Recorded data
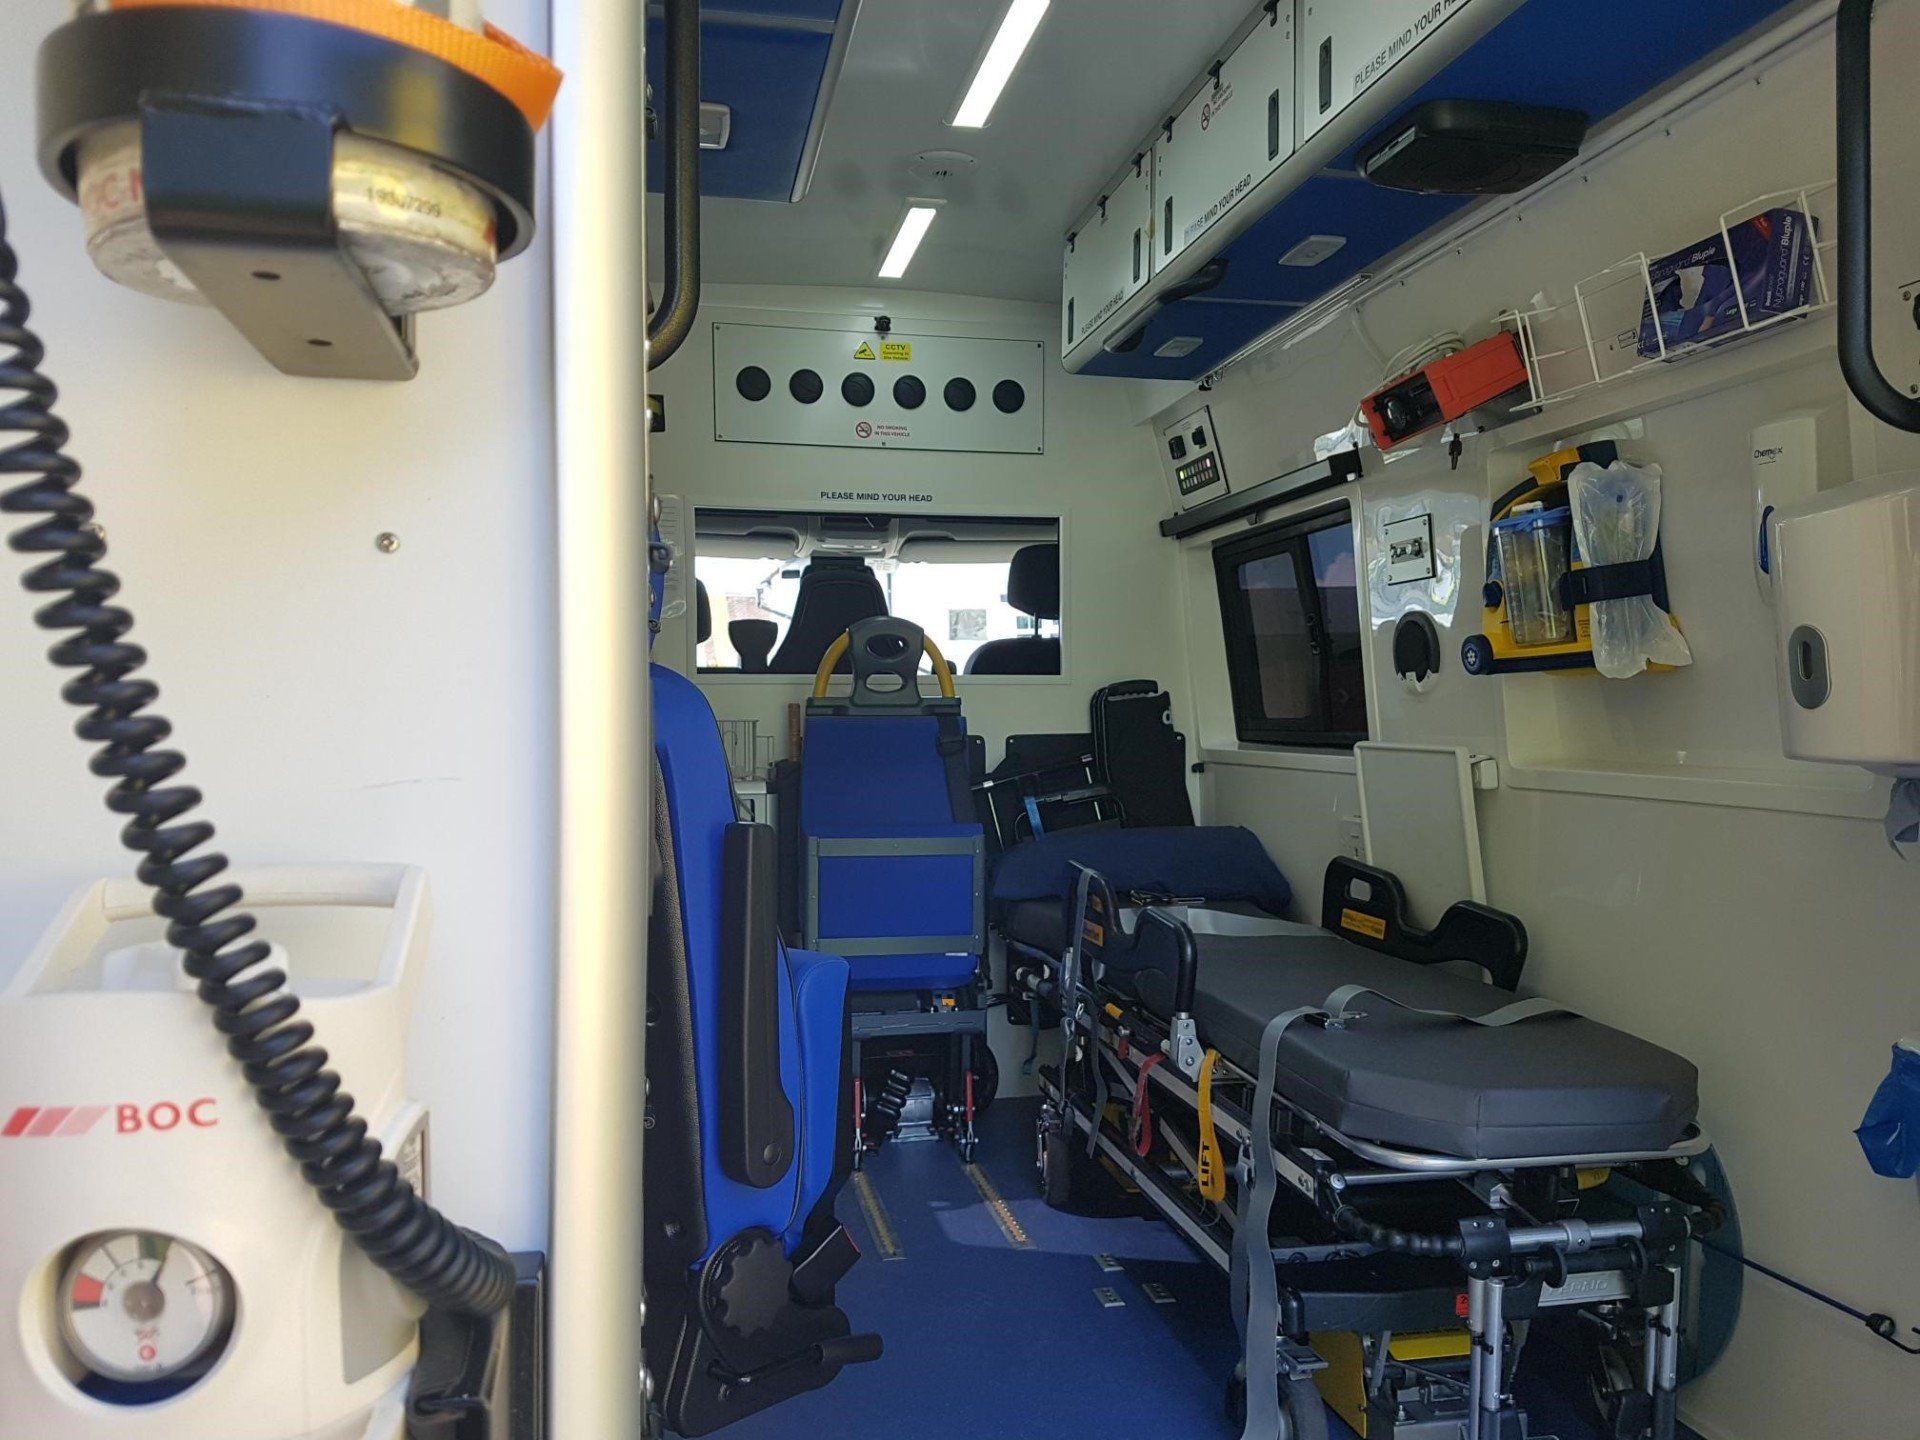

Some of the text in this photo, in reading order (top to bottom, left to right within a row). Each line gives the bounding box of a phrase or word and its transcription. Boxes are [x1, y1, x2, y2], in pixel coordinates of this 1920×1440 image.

[1355, 50, 1386, 89] PLEASE
[1389, 29, 1412, 59] MIND
[1414, 2, 1441, 35] YOUR
[1204, 204, 1218, 223] MIND
[1219, 189, 1234, 210] YOUR
[1235, 174, 1251, 196] HEAD
[820, 491, 933, 502] PLEASE MIND YOUR HEAD
[117, 1097, 219, 1133] BOC
[1201, 1141, 1210, 1187] LIFT

**Required work:** The reply should hold every record, unchanged, and no pictures.

**Answer box:**
Some of the text in this photo, in reading order (top to bottom, left to right within a row). Each line gives the bounding box of a phrase or word and its transcription. Boxes are [x1, y1, x2, y2], in pixel coordinates of this 1920×1440 image.

[1355, 50, 1386, 89] PLEASE
[1389, 29, 1412, 59] MIND
[1414, 2, 1441, 35] YOUR
[1204, 204, 1218, 223] MIND
[1219, 189, 1234, 210] YOUR
[1235, 174, 1251, 196] HEAD
[820, 491, 933, 502] PLEASE MIND YOUR HEAD
[117, 1097, 219, 1133] BOC
[1201, 1141, 1210, 1187] LIFT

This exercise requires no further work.